For more than four months – since the first sordid speculation about Tiger Woods's collapsing life began – the world has been pleading for a Tiger Woods press conference precisely like the one he gave at the Masters golf tournament Monday: frank, open, and perhaps most important, having at least the ring of emotional authenticity.
But for Tiger Woods, it seems, the past four months were all about arriving at this moment.
A moment when, to sportswriters' astonishment, he addressed them all by their first names and called them friends. A moment when, far from snarling at photo-clicking fans during his practice round, he smiled at them and even acknowledged their support. A moment when, in this most emotionally trying time of his career, he acknowledged that golf "feels fun again."
One press conference is not, in itself, a proof of sincerity. But it can be a guidepost. Whether Tiger Woods truly believes – as he said Monday – that, "going forward, I need to be a better man," will be the test of the rest of his life. But Monday was a good way to start.
There were still hints of the old Tiger. He was sorry, he said, that his fellow golfers had to field questions about crumpled Cadillac Escalades and the texts heard 'round the Web. And he hoped that now the media would leave them alone.

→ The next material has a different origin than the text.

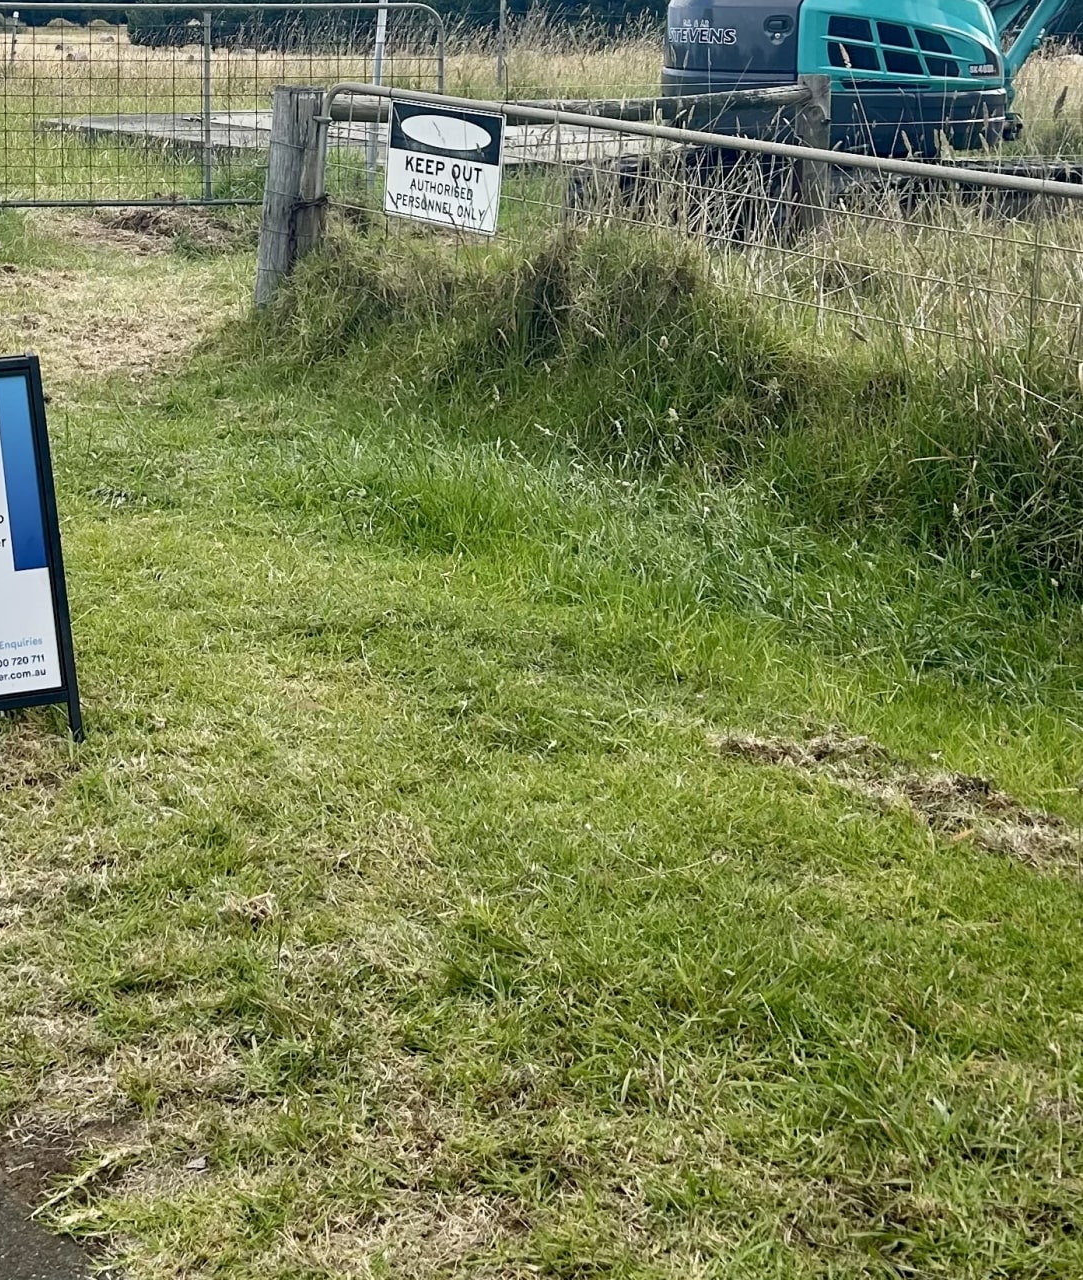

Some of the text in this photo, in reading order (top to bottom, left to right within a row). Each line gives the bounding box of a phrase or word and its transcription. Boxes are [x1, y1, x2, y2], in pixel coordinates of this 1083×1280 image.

Admirable, perhaps. But also an ember of the man whose rigid control of every iota of his life led to an admitted attitude of rank entitlement.
'It was nice to see him smile'
Yet this was not the old Tiger.
Woods, the man whose blinkered focus on the links has often given the impression that fans are something to be borne, not embraced, did something odd, if ESPN is to be believed.

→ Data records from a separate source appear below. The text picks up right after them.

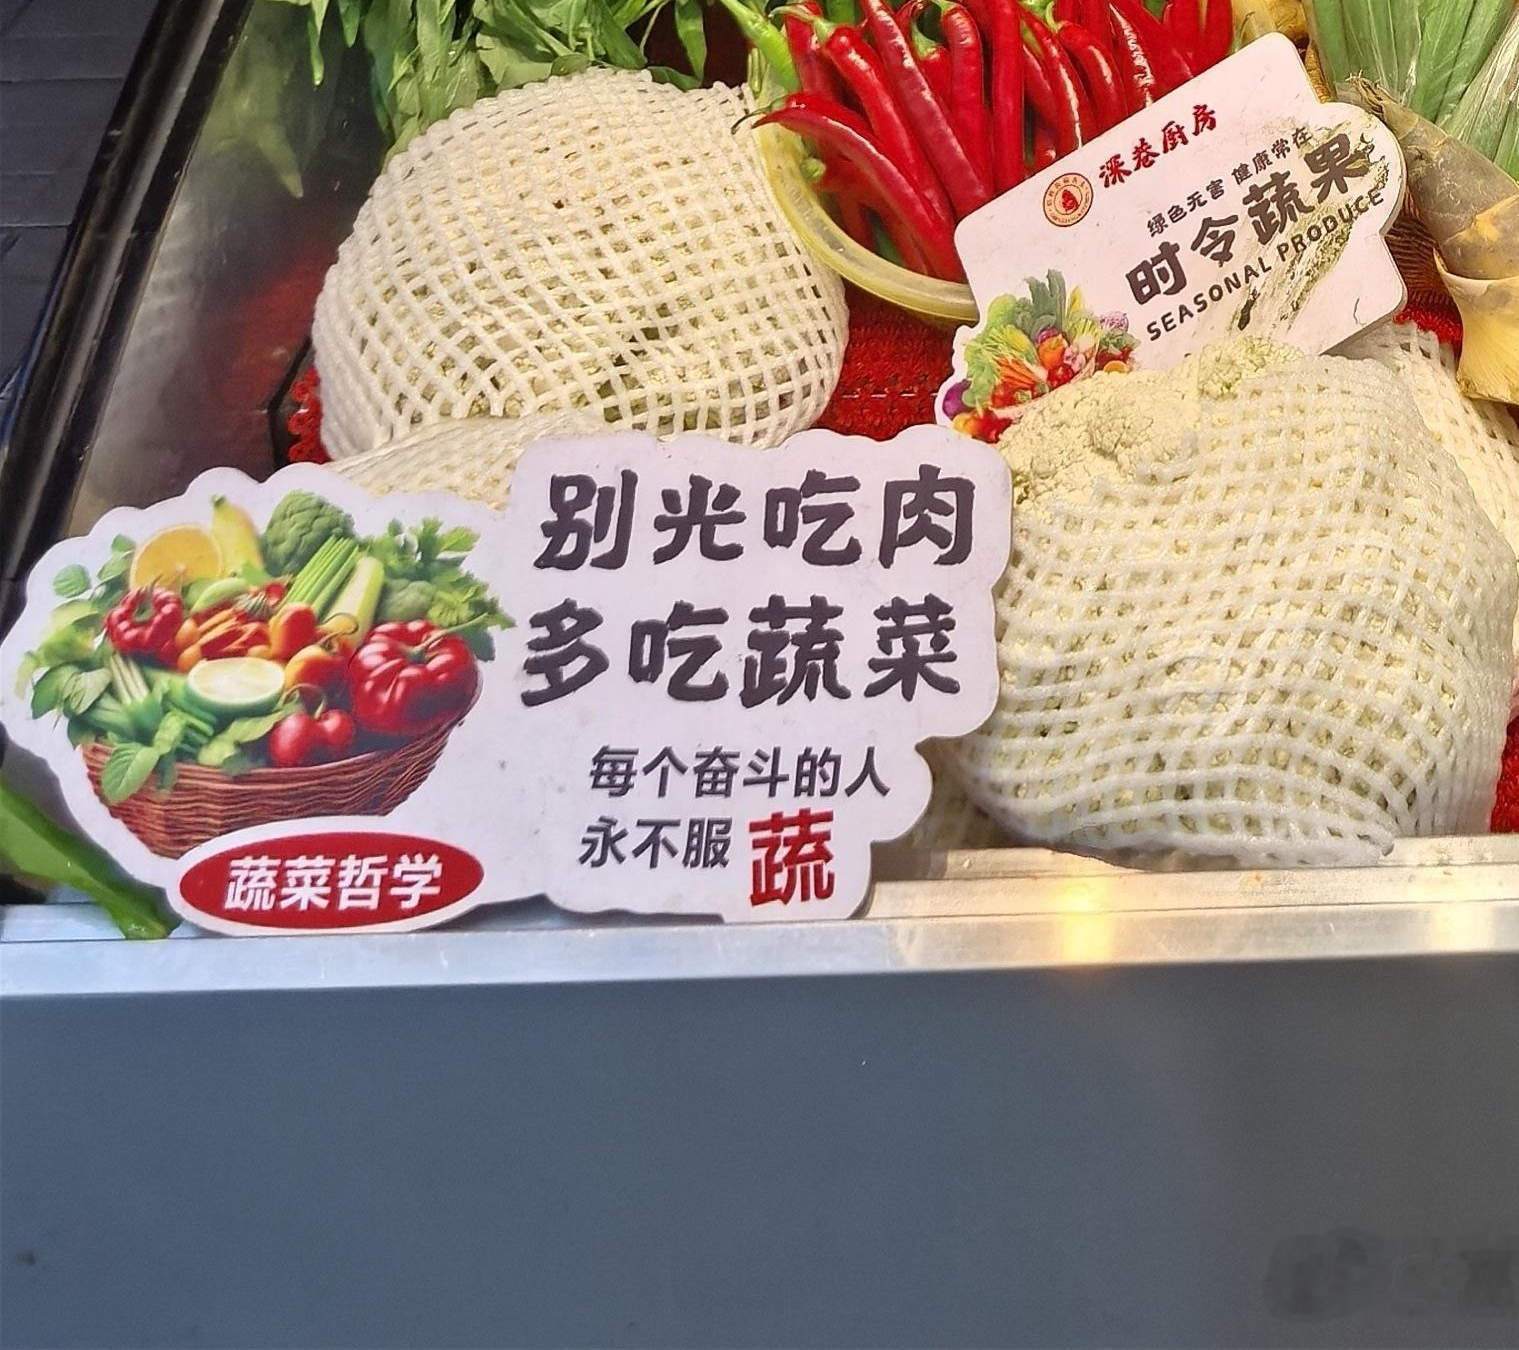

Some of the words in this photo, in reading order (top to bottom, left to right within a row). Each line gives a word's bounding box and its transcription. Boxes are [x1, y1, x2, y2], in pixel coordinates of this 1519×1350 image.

[1098, 103, 1219, 189] 深巷厨房
[1146, 178, 1226, 238] 绿色无害
[1231, 125, 1312, 184] 健康常在
[1125, 133, 1370, 306] 时令蔬果
[1146, 254, 1273, 342] SEASONAL
[1278, 187, 1384, 263] PRODUCE
[538, 464, 979, 571] 别光吃肉
[520, 594, 962, 709] 多吃蔬菜
[588, 745, 890, 800] 每个奋斗的人
[225, 852, 443, 912] 蔬菜哲学

He looked at Ms. Mickey directly, and said "Thank you."
"It was nice to see him smile," Mickey said.
That has been a rare sight on the golf course in recent years, and Woods left no doubt as to why. "When you're living life lying all the time, life's not fun," he said Monday.
His golf has been good, and at times extraordinary, but the spark of every fist pump that set the gallery alight was more akin to anger than delight, the joy of the triumph more bestial and territorial than sublime – and often accompanied by a torrent of profanities.
He's no Arnold Palmer
Yes, we could cheer along, but we were all witnesses, not participants. Never did Tiger take the golf world along with him in his pocket, sipping lemonade and iced tea, like Arnold Palmer did.
On Monday, he gave the first small hint of a man perhaps more likable, no matter how he is swinging his five iron. The cost might be that characteristic snarl.
"I've made a conscious decision to try to calm down those negative outbursts – to be more respectful of the game," he said. "I haven't done that for the past few years, and that was wrong of me."
It is, in the mandala of a human life, a small thing. But for a man like Woods, for whom golf is but a microcosm of the whole, it is a sign that change may be at least struggling to take seed.
His great opus, he said, "is not about championships. It's about how you live your life."
Beginning with the Masters opening round Thursday, the world will get the first glimpse of whether these words, well said, will kindle into action.